__What is being asked__. Pictures must not appear in the copy. Restate exactly the lines below from the one with "this 1500×1500 image." through the one with "this 1152×1728 image.", inclusive.

__Source material__.
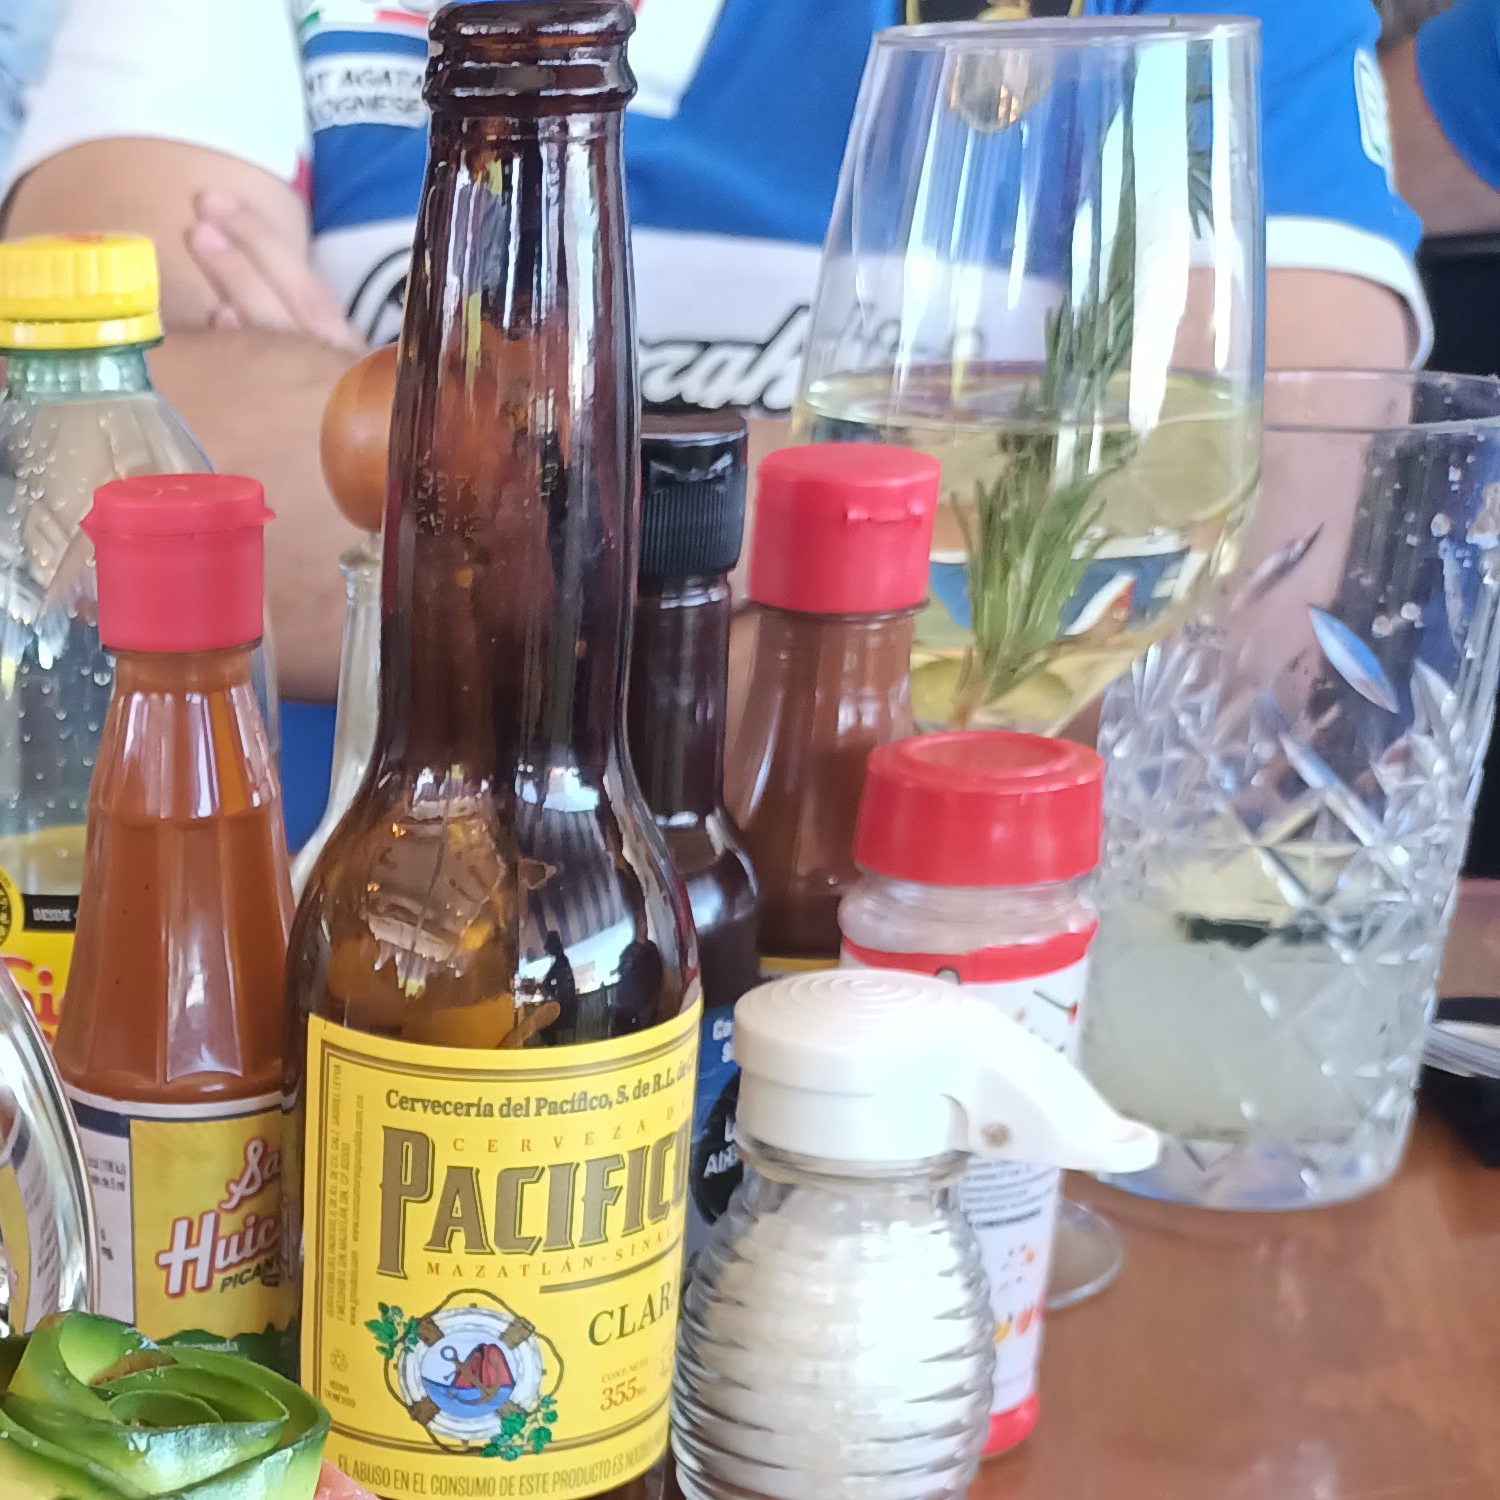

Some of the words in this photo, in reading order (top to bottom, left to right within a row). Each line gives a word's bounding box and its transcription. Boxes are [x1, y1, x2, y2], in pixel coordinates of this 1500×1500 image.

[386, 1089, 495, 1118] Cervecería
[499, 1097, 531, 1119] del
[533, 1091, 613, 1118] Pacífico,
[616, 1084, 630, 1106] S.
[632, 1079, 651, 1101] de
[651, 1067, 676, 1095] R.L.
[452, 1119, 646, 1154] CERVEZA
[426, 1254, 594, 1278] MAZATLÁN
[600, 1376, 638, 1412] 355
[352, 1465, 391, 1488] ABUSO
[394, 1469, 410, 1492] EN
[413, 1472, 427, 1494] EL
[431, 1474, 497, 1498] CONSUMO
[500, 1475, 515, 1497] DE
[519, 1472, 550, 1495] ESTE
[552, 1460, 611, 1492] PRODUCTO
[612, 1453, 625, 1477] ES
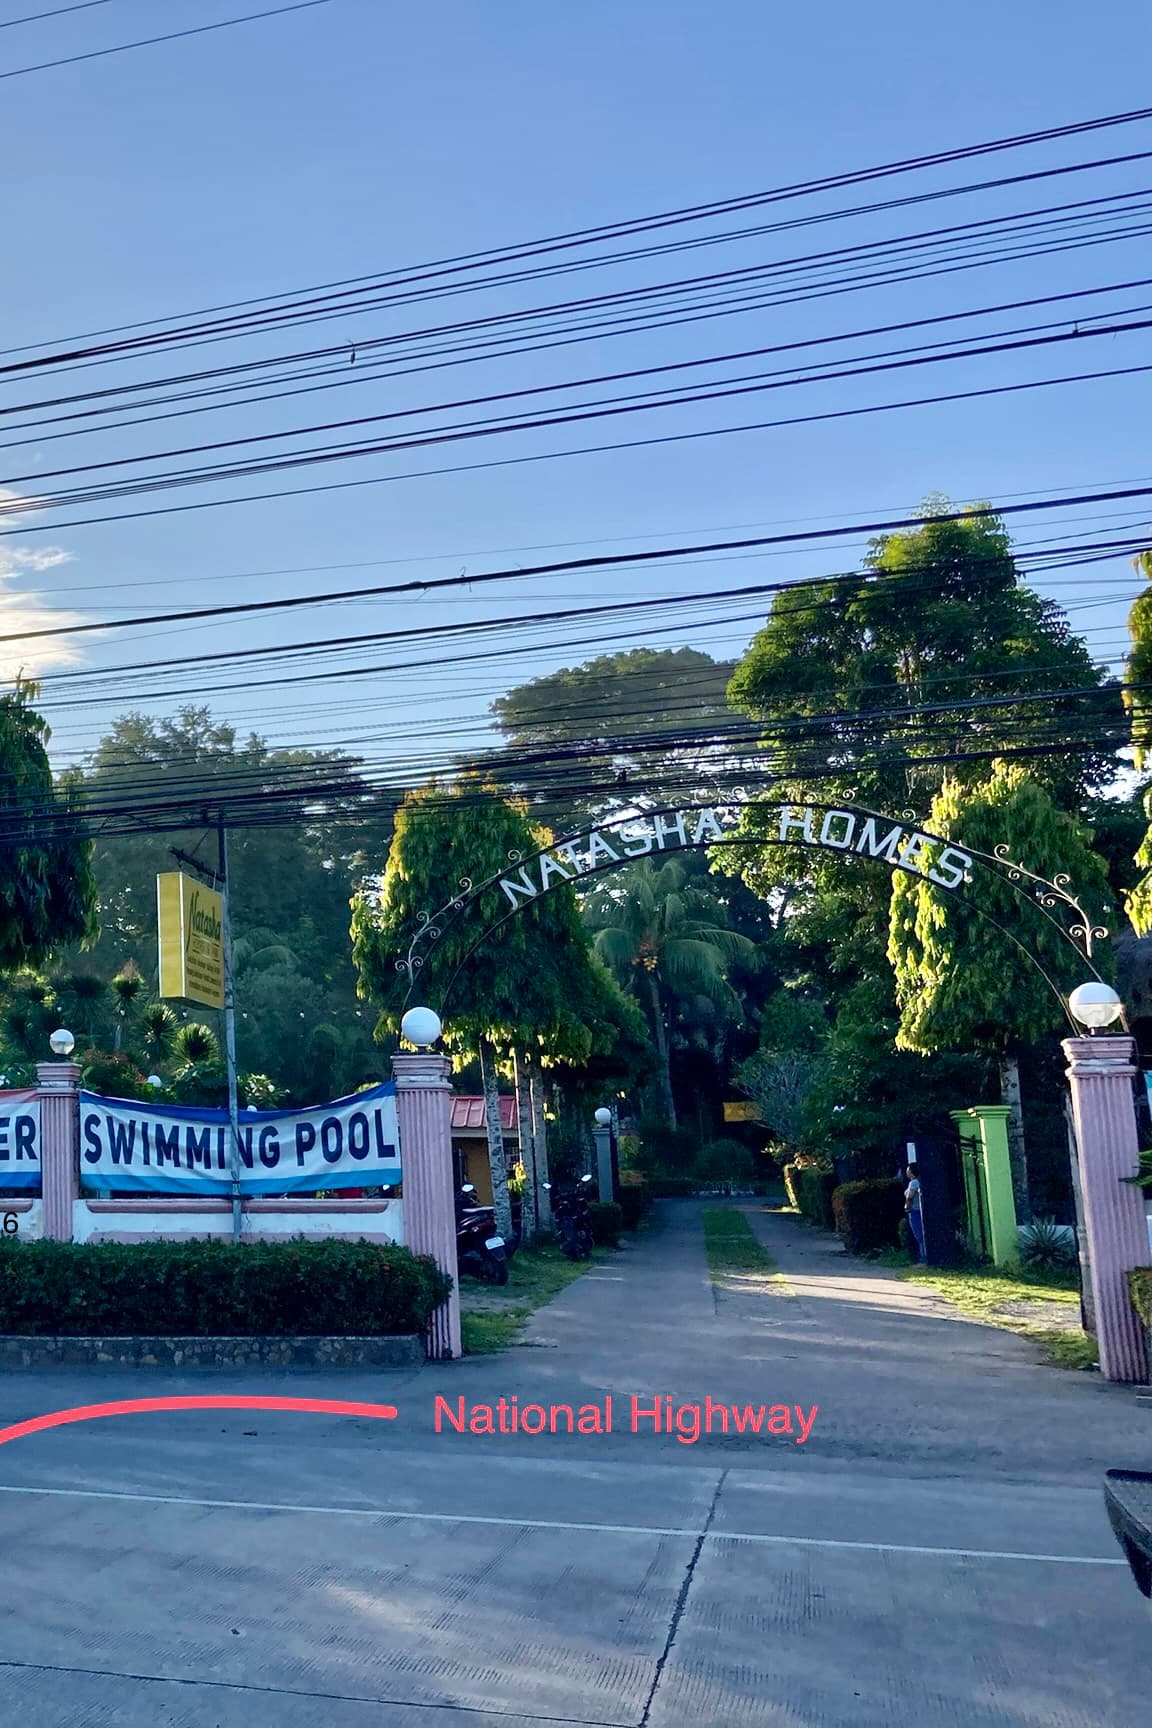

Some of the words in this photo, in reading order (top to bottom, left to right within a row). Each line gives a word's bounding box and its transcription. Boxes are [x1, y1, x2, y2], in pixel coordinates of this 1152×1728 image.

==

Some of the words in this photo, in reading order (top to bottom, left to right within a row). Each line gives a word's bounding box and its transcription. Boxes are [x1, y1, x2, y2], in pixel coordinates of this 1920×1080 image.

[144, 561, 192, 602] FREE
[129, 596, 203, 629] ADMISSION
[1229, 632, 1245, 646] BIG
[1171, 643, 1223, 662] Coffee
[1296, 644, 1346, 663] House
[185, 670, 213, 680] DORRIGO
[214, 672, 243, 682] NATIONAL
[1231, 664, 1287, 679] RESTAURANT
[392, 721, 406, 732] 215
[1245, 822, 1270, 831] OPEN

__Solution to this exercise__.
Some of the words in this photo, in reading order (top to bottom, left to right within a row). Each line gives a word's bounding box and its transcription. Boxes are [x1, y1, x2, y2], in pixel coordinates of this 1500×1500 image.

[386, 1089, 495, 1118] Cervecería
[499, 1097, 531, 1119] del
[533, 1091, 613, 1118] Pacífico,
[616, 1084, 630, 1106] S.
[632, 1079, 651, 1101] de
[651, 1067, 676, 1095] R.L.
[452, 1119, 646, 1154] CERVEZA
[426, 1254, 594, 1278] MAZATLÁN
[600, 1376, 638, 1412] 355
[352, 1465, 391, 1488] ABUSO
[394, 1469, 410, 1492] EN
[413, 1472, 427, 1494] EL
[431, 1474, 497, 1498] CONSUMO
[500, 1475, 515, 1497] DE
[519, 1472, 550, 1495] ESTE
[552, 1460, 611, 1492] PRODUCTO
[612, 1453, 625, 1477] ES

Some of the words in this photo, in reading order (top to bottom, left to right within a row). Each line gives a word's bounding box and its transcription. Boxes are [x1, y1, x2, y2], in pixel coordinates of this 1152×1728 image.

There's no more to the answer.